1471720 - XPCOM/XPConnect should do a "canary" load of the async shutdown service (Was: fast startup crash in ServiceWorkerRegistrar::ProfileStarted)

Reporter

Description

•

6 years ago

I restarted my Nightly today (I was having problem getting it to recognize my microphone), and I got a profile-independent instant startup crash: #0 0x0000000000414644 in MOZ_CrashPrintf () #1 0x00007f89716fd903 in mozilla::dom::ServiceWorkerRegistrar::GetShutdownPhase() const [clone .cold.211] () at /home/sfink/Downloads/firefox/libxul.so #2 0x00007f8972f7f7af in mozilla::dom::ServiceWorkerRegistrar::ProfileStarted() () at /home/sfink/Downloads/firefox/libxul.so #3 0x00007f8972f7f735 in mozilla::dom::ServiceWorkerRegistrar::Observe(nsISupports*, char const*, char16_t const*) () at /home/sfink/Downloads/firefox/libxul.so #4 0x00007f8972573b52 in nsObserverList::NotifyObservers(nsISupports*, char const*, char16_t const*) () at /home/sfink/Downloads/firefox/libxul.so #5 0x00007f897257161c in nsObserverService::NotifyObservers(nsISupports*, char const*, char16_t const*) () at /home/sfink/Downloads/firefox/libxul.so #6 0x00007f8973173faa in nsXREDirProvider::DoStartup() () at /home/sfink/Downloads/firefox/libxul.so #7 0x00007f8973170b20 in XREMain::XRE_mainRun() () at /home/sfink/Downloads/firefox/libxul.so #8 0x00007f897316df92 in XREMain::XRE_main(int, char**, mozilla::BootstrapConfig const&) () at /home/sfink/Downloads/firefox/libxul.so #9 0x00007f897316dbf6 in XRE_main(int, char**, mozilla::BootstrapConfig const&) () at /home/sfink/Downloads/firefox/libxul.so #10 0x0000000000422a39 in do_main(int, char**, char**) () #11 0x000000000041732f in main () It appears it was crashing with the string $rdi = 0x634840 <sPrintfCrashReason> "Failed to get async shutdown service: NS_ERROR_FACTORY_NOT_REGISTERED" I have an rr recording of the crash and a backup copy of my install directory.

Marion Daly [:mdaly]

Updated

•

6 years ago

Priority: -- → P3

Marion Daly [:mdaly]

Comment 1

•

6 years ago

Blake: on your radar

Flags: needinfo?(mrbkap)

Marion Daly [:mdaly]

Updated

•

6 years ago

Flags: needinfo?(mrbkap)

Marion Daly [:mdaly]

Updated

•

6 years ago

Priority: P3 → P2

Gian-Carlo Pascutto [:gcp]

Comment 2

•

6 years ago

Just hit this with ASAN Nightlies. It instantly renders the browser unusable, so help? It looks like it's even crashing before crash reporter gets a chance to run? At least ASAN can't submit.
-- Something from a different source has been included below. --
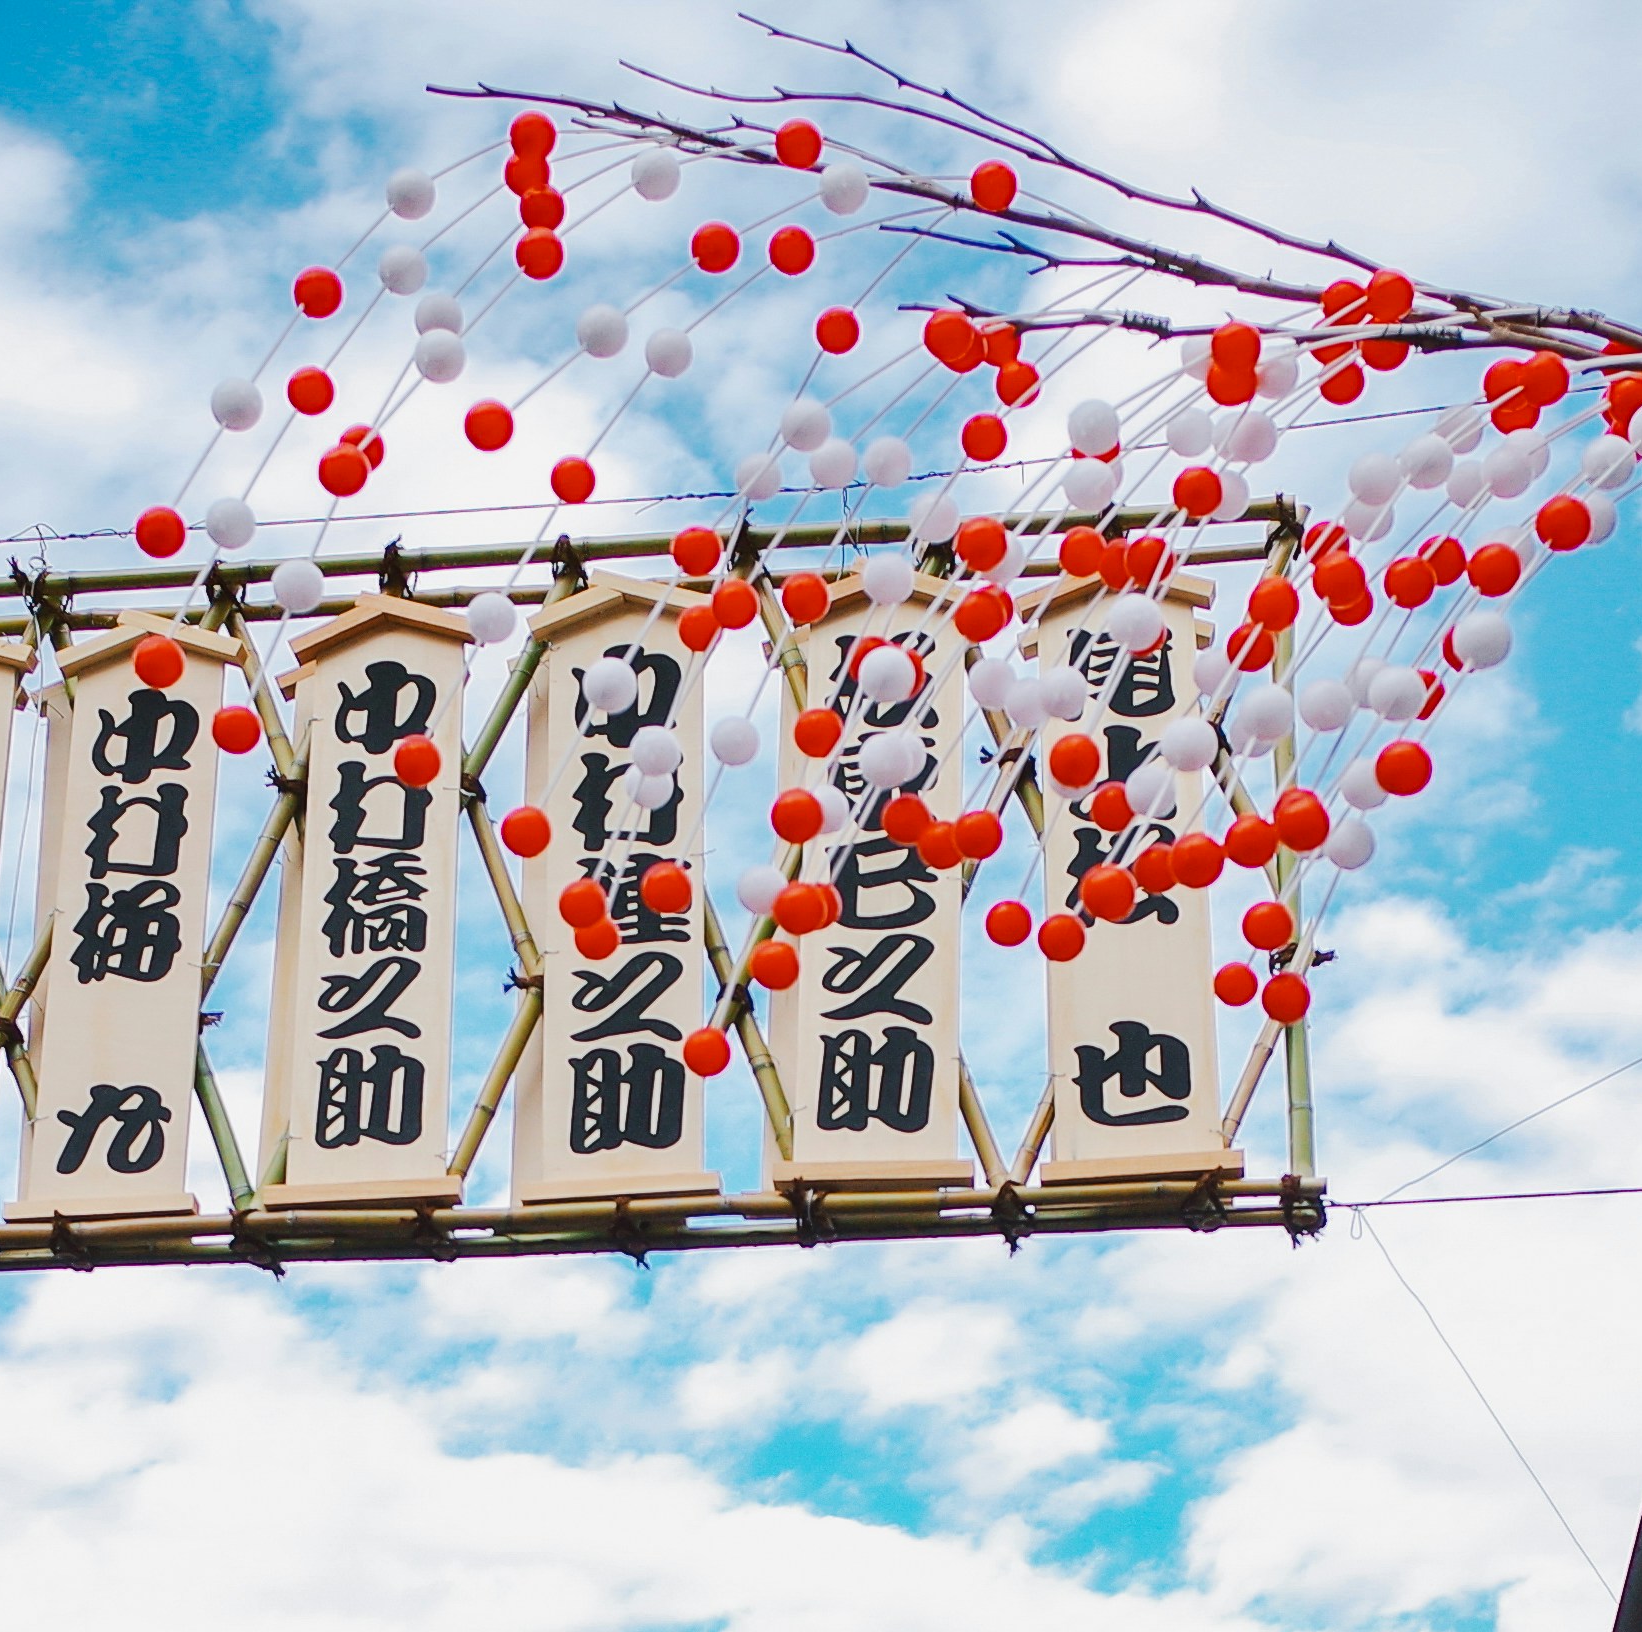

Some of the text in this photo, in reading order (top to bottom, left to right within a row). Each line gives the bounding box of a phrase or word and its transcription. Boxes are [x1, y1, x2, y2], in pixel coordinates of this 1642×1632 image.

Gian-Carlo Pascutto [:gcp]

Comment 3

•

6 years ago

Attached file ASAN Crash log (deleted) — Details

Gian-Carlo Pascutto [:gcp]

Comment 4

•

6 years ago

The crasher fixed itself (for small values of "fix") after going ASAN->regular Nightly->ASAN Nightly->different profile->regular profile.

Blake Kaplan (:mrbkap) (inactive)

Updated

•

6 years ago

Flags: needinfo?(mrbkap)

Andrew Sutherland [:asuth] (he/him)

Updated

•

6 years ago

See Also: → https://bugzilla.mozilla.org/show_bug.cgi?id=1403348

Marion Daly [:mdaly]

Updated

•

6 years ago

Assignee: nobody → mrbkap

Blake Kaplan (:mrbkap) (inactive)

Comment 5

•

6 years ago

After a bunch of guessing, I haven't gotten too far on this. Steve, would you happen to still have the recording and backup copy of your install directory that you mentioned in comment 0 lying around? It's probably our best bet at figuring out what's happening at this point.

Flags: needinfo?(mrbkap) → needinfo?(sphink)

Steve Fink [:sfink] [:s:]

Reporter

Comment 6

•

6 years ago

mrbkap and I looked at this in a debugger today. The specific problem in my case is due to the toplevel omni.ja being really old and using JS features that were removed in 2014. I'll attempt to attach some files, though they might be too large.

Flags: needinfo?(sphink)

Steve Fink [:sfink] [:s:]

Reporter

Comment 7

•

6 years ago

Attached file omni.ja from the toplevel directory (deleted) — Details

Steve Fink [:sfink] [:s:]

Reporter

Comment 8

•

6 years ago

Attached file updates.xml (deleted) — Details

Blake Kaplan (:mrbkap) (inactive)

Comment 9

•

6 years ago

After looking at this and bug 1403348, it appears that there are a ton of reasons for us to fail to load the async shutdown service and that ServiceWorkerRegistrar::ProfileStarted is becoming a bucket for us to find how many of our users have some sort of fatal JS error on startup. I'm marking this stalled since I don't think there's much actionable to do in the service worker code.

Assignee: mrbkap → nobody

Keywords: stalled

Steve Fink [:sfink] [:s:]

Reporter

Comment 10

•

6 years ago

Would it be worth filing a bug to report JS exceptions during startup instead of swallowing them and crashing here? (I forget the exact path, but I know there was an exception thrown that led to this.)

Jens Stutte [:jstutte]

Comment 11

•

5 years ago

(In reply to Steve Fink [:sfink] [:s:] from comment #10)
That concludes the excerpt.